8. Desgaste Compensatório e Triangulação:
· Após localizar os orifícios, as paredes da cavidade de acesso são suavizadas e alargadas na entrada dos canais para garantir o acesso retilíneo.
· Isso envolve o desgaste de protuberâncias de dentina que podem estar bloqueando o caminho direto para os canais, especialmente nas raízes mesiais de molares inferiores (para o canal MV) e na raiz mesiovestibularde molares superiores (para o canal MV2).
5. Instrumentos Utilizados
A seleção correta dos instrumentos é vital para a segurança e eficácia do procedimento.
· Brocas:
· Esféricas (diamantadas ou de aço): Para remoção de cáries e penetração inicial na câmara pulpar (Ex: nº 2, 3 ou 4).
· Trancocônicas de ponta inativa (Ex: Endo Z, 1093/1094): Essenciais para a remoção do teto da câmara pulpar e desgaste compensatório, pois sua ponta inativa previne perfurações do assoalho.
· Gates Glidden: Podem ser usadas para ampliar a entrada dos canais e remover interferências na porção cervical.
· Explorador Endodôntico (Ex: DG16): Instrumento fundamental para localizar orifícios e verificar a patência.
· Ultrassom: Com pontas diamantadas finas, para remover dentina secundária ou localizar canais calcificados com precisão e menor risco.
· Seringa e Agulha para Irrigação: Com solução de hipoclorito de sódio para limpeza e visualização.
6. Erros Comuns e Como Evitá-los
· Perfurações:
· Do Assoalho da Câmara Pulpar: Causa mais comum por excesso de penetração ou inclinação incorreta da broca. Evitar: Usar brocas de ponta inativa, não forçar a broca após a sensação de "queda", conhecer a anatomia.
· Da Parede Lateral: Ocorre por desgaste excessivo ou inclinação inadequada da broca.
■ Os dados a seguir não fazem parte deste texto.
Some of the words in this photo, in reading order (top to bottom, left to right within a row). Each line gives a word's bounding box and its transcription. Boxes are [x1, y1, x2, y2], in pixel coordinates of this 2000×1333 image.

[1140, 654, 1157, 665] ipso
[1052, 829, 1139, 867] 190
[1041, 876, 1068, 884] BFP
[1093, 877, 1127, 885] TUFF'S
Evitar: Seguir os princípios de forma de contorno e acesso retilíneo, não exagerar no desgaste.
· Remoção Incompleta do Teto da Câmara Pulpar: Deixa "overhangs" de dentina que impedem o acesso e a limpeza. Evitar: Movimentos de "dentro para fora" com broca Endo Z, boa iluminação e magnificação.
· Não Localização de Todos os Canais: A falha em encontrar e tratar todos os canais é uma das principais causas de insucesso do tratamento endodôntico. Evitar: Conhecimento aprofundado da anatomia, uso de exploradores, ultrassom, magnificação, e análise cuidadosa da radiografia pré-operatória.
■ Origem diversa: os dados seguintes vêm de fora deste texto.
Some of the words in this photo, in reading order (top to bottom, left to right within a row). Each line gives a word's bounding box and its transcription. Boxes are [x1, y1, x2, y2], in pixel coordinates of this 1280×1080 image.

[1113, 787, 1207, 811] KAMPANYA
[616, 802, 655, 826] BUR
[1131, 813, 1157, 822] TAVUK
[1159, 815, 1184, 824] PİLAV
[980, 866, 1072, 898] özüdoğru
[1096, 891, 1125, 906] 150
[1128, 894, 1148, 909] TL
· Acesso Inadequado: Cavidade muito pequena ou com paredes convergentes, que causa deflexão dos instrumentos e dificulta o trabalho. Evitar: Seguir a forma de contorno correta.
· Remoção Excessiva de Estrutura Dental: Fragiliza o dente e aumenta o risco de fratura coronária ou radicular pós-tratamento. Evitar: Conservar a estrutura sadia, remover apenas o necessário.
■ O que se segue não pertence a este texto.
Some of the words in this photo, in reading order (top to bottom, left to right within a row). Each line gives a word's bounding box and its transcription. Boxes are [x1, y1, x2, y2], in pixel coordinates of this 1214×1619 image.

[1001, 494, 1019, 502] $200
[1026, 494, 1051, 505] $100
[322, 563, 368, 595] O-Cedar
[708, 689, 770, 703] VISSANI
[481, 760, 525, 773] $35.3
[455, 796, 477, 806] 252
7. Importância do Selamento Coronário Pós-Abertura
Após a conclusão da abertura coronária e início do tratamento endodôntico, um selamento coronário temporário de qualidade é essencial.
· Prevenção de Recontaminação: Impede a entrada de bactérias e saliva nos canais radiculares.
· Proteção da Estrutura Dental: Protege o dente da fratura antes da restauração definitiva.
· Material Restaurador Provisório: Deve ser resistente, com boa adaptação marginal. Materiais como cimento de ionômero de vidro (CIV) de alta viscosidade ou resina composta são boas opções.
· Restauração Definitiva: O paciente deve ser encaminhado para a restauração definitiva o mais rápido possível após o término do tratamento endodôntico, preferencialmente com cobertura da cúspide (coroa ou onlay), para proteger o dente da fratura.
PONTOS CHAVE PARA REVISÃO:
· A abertura coronária em molares é um procedimento crítico que define o sucesso do tratamento endodôntico.
· O isolamento absoluto é não negociável.
· Conheça profundamente a anatomia dos molares (número, localização e variação dos canais). A radiografia e o explorador endodôntico são seus melhores aliados.
· Priorize o acesso retilíneo a todos os orifícios, removendo completamente o teto da câmara pulpar.
· Utilize brocas de ponta inativa (Endo Z) para evitar perfurações do assoalho.
· Não forçar a localização dos canais. Se encontrar dificuldade, reavalie a radiografia, use magnificação e ultrassom.
· O selamento coronário provisório deve ser de alta qualidade, e a restauração definitiva é fundamental para a longevidade do dente tratado endodonticamente.